Why even with more than 99% of the capital, Jean-Claude Bourrelier refuses to take his group out of the stock market

Posted on Sep 29, 2021 at 10:30 AMUpdated Sep 29, 2021, 3:39 PM

This summer, Jean-Claude Bourrelier, the former boss of the ex-king of DIY Bricorama who bought the Mavic bikes, had no choice. He had to spend, via his family holding company, some 37 million euros to buy back the 12% of the capital of Bourrelier Group that he did not yet hold. Last November, he indeed lost his battle against justice. The Paris Court of Appeal then confirmed a decision by the Autorité des marchés financiers (AMF) requiring it to buy back the securities held by minority shareholders.
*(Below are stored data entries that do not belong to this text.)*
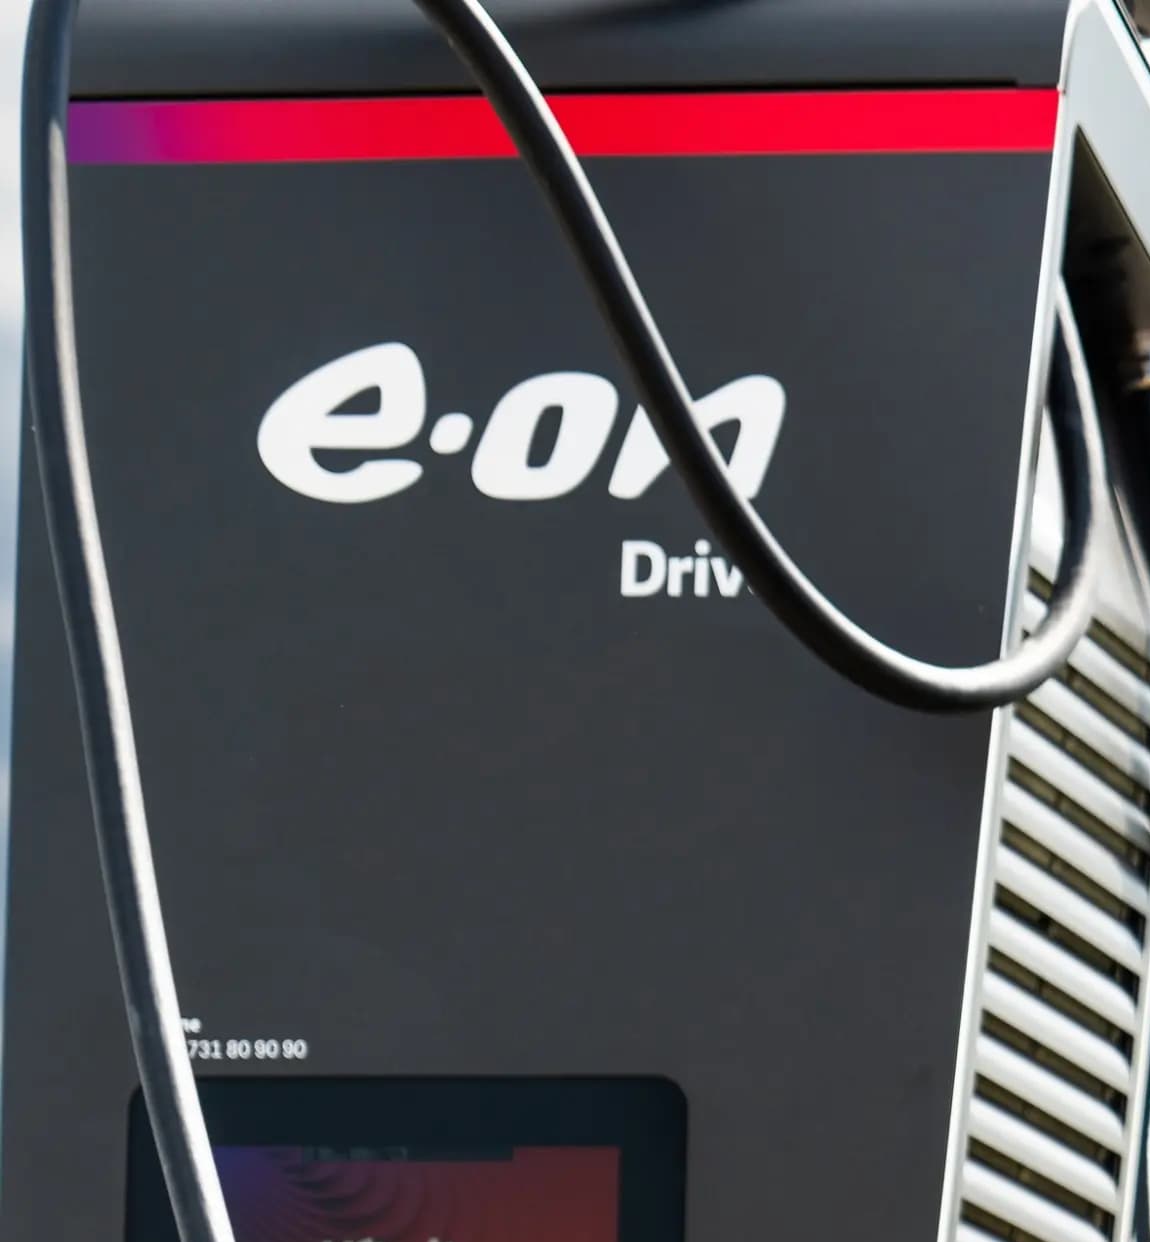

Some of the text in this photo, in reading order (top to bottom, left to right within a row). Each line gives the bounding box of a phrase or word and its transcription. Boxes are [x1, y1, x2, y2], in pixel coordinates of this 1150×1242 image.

[620, 539, 755, 598] Driv
[187, 1039, 308, 1060] 731 80 90 90
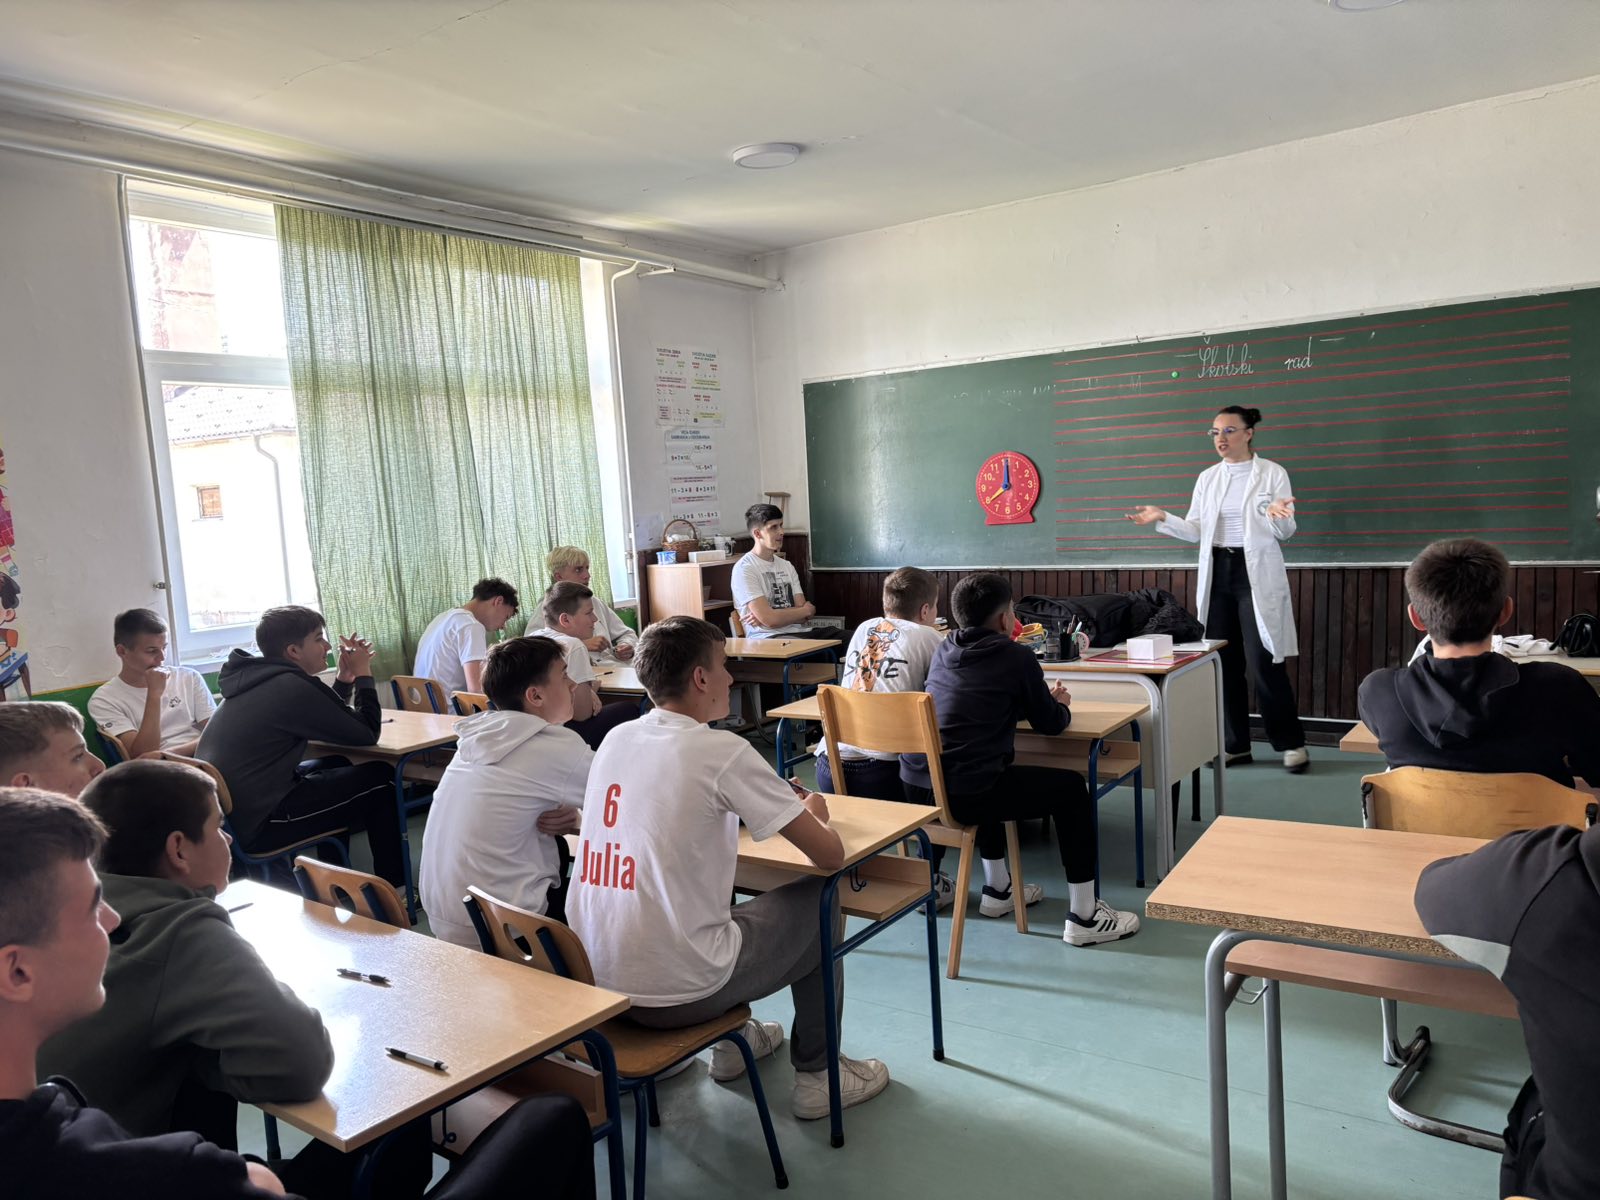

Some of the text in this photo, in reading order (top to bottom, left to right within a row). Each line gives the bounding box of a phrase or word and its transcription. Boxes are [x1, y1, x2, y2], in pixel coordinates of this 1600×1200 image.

[1284, 336, 1313, 370] rad
[990, 463, 998, 471] 11
[1015, 461, 1019, 469] 1
[983, 472, 992, 481] 10
[1024, 469, 1030, 478] 2
[981, 484, 986, 492] 9
[1027, 480, 1033, 488] 3
[1024, 493, 1029, 501] 4
[994, 504, 999, 512] 7
[1005, 506, 1010, 514] 6
[1016, 502, 1022, 511] 5
[603, 783, 621, 828] 6
[580, 839, 636, 891] Julia
Conflict with its shareholders for 13 years

If Jean-Claude Bourrelier did not want to launch a public buyout offer (OPR), it is because he has been in conflict with certain shareholders since the end of the 2000s. In 2007, he tried to withdraw his company from the quotation (at the time of Bricorama), by launching a public tender offer (OPA) at 52 euros per share. But Lazard Frères Gestion is opposed to it, deeming this price insufficient. Shortly after, IDI and JG Capital take a stake in the capital. And JG Capital, implicating the sale of some of the subsidiaries of the DIY group, then sues him.
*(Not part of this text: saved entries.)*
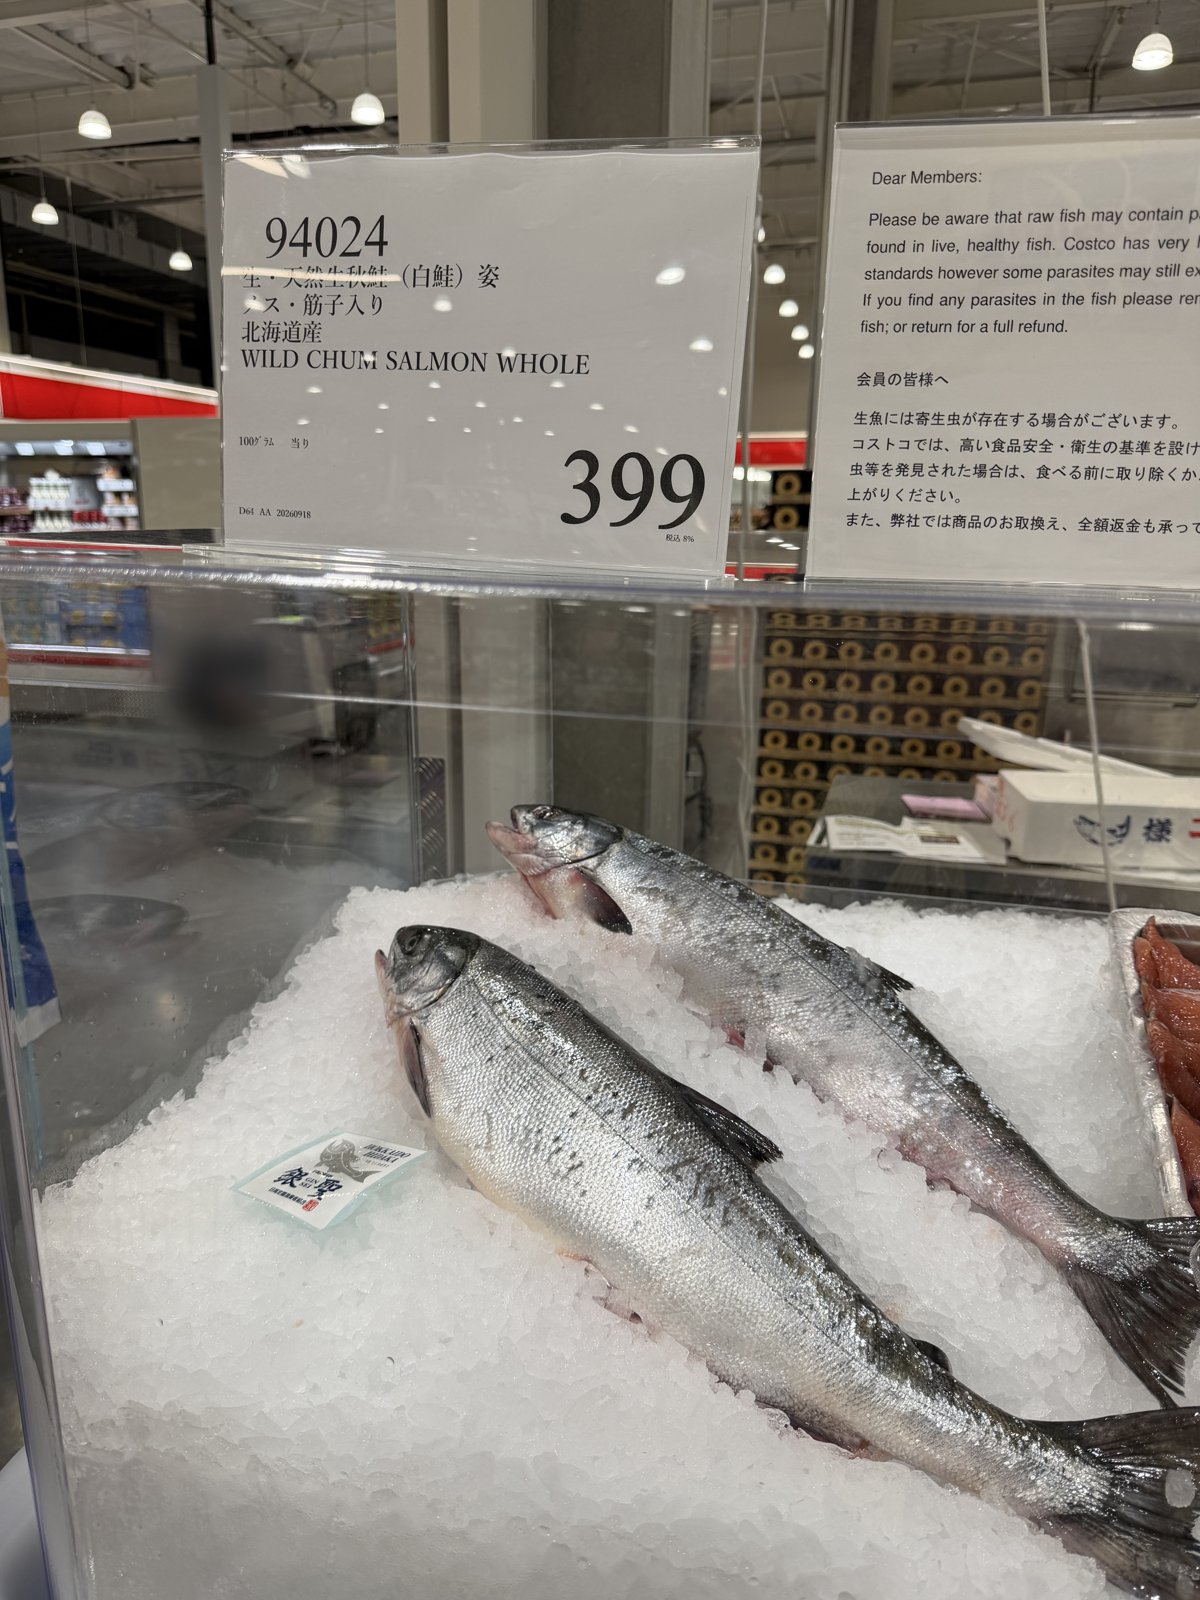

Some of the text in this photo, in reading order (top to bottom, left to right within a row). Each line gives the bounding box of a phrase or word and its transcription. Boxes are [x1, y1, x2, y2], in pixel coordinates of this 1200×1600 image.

[871, 169, 983, 186] Dear Members:
[868, 206, 1200, 227] Please be aware that raw fish may contain p
[265, 214, 389, 259] 94024
[866, 239, 907, 254] found
[912, 239, 925, 253] in
[931, 239, 960, 255] live,
[967, 237, 1020, 255] healthy
[1026, 236, 1056, 252] fish.
[1063, 236, 1116, 251] Costco
[1122, 235, 1150, 250] has
[1157, 238, 1191, 253] very
[863, 266, 934, 281] standards
[937, 265, 1000, 280] however
[1002, 267, 1043, 280] some
[1046, 264, 1115, 282] parasites
[1118, 266, 1152, 282] may
[1155, 262, 1181, 278] still
[862, 292, 873, 307] If
[876, 296, 902, 310] you
[907, 292, 934, 307] find
[939, 295, 966, 310] any
[970, 292, 1037, 310] parasites
[1042, 292, 1056, 306] in
[1061, 291, 1085, 306] the
[1091, 291, 1117, 306] fish
[1122, 291, 1173, 309] please
[241, 320, 323, 344] 北海道産
[860, 319, 1068, 336] fish; or return for a full refund.
[240, 348, 590, 375] WILD CHUM SALMON WHOLE
[856, 371, 950, 388] 会員の皆様へ
[853, 410, 1178, 430] 生魚には寄生虫が存在する場合がございます。
[291, 437, 309, 450] 当り
[852, 436, 1200, 457] コストコでは、高い食品安全・衛生の基準を設け
[559, 449, 706, 530] 399
[846, 487, 961, 504] 上がりください。
[238, 506, 312, 519] D64 AA 20260918
[665, 533, 695, 543] 税込 8%
The conflict gets bogged down in court. It got worse in 2018, when Jean-Claude Bourrelier sold Bricorama to the Les Mousquetaires Group. The divested activities represent 70% of sales and 90% of current operating income for 2016. Lazard Frères Gestion (1.74% of the capital), JG Capital (6.77%) and IDI (1.02% ) then renew their desire to exit the capital. But Jean-Claude Bourrelier is under no obligation to buy back their shares. At the time, the OPR was only compulsory from 95% of the capital, a threshold which was not reached then. The situation changes in 2018, when the Pacte law lowers the level to 90%. And since in May 2019, the family concert holds 90.1% of the voting rights, the minorities seized the AMF (Autorité des marchés financiers). Which asks the family group to file an OPR.
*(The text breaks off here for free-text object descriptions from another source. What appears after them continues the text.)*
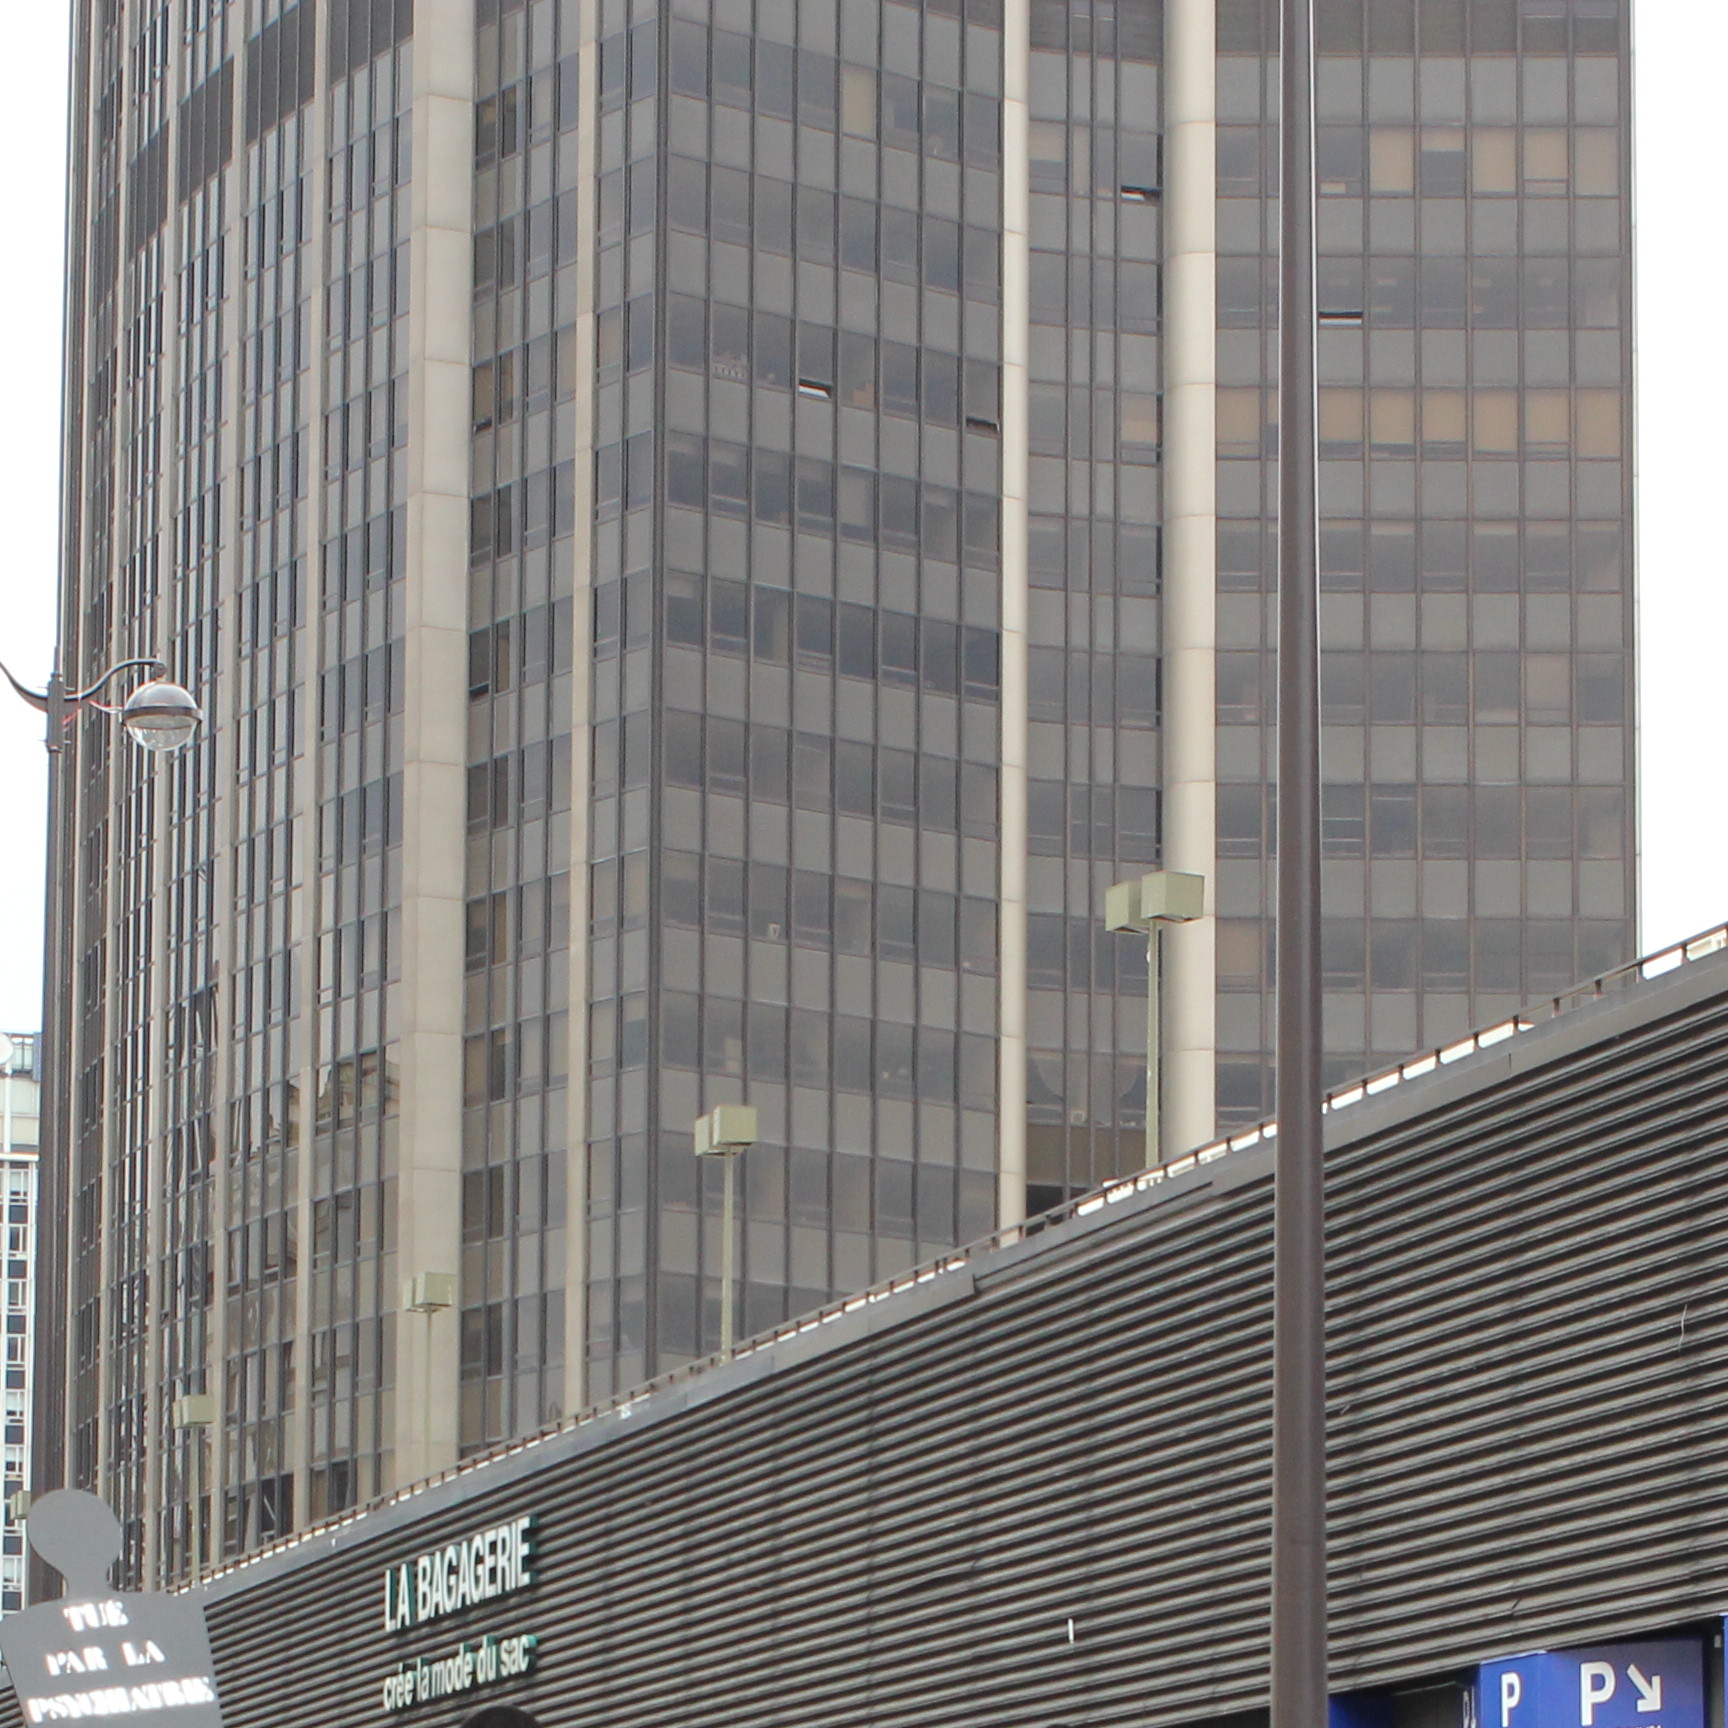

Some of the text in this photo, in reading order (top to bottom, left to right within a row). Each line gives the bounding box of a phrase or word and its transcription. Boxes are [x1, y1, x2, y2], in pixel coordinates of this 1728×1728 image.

[384, 1516, 532, 1633] LA BAGAGERIE
[45, 1639, 166, 1677] PAR LA
[416, 1656, 430, 1701] la
[431, 1642, 472, 1698] mode
[476, 1634, 498, 1684] du
[500, 1634, 532, 1678] sac
[1501, 1671, 1521, 1728] P
[1581, 1660, 1617, 1728] P
Today, Jean-Claude Bourrelier holds more than 99% of the capital, but he has no intention of delisting his company at all. In the offer information note filed with the AMF, he undertook not to withdraw for at least 12 months. Can such a situation last? It is all the more uncomfortable because being listed has a cost. Unless the group has new projects for Mavic … and intends to appeal to the financial markets.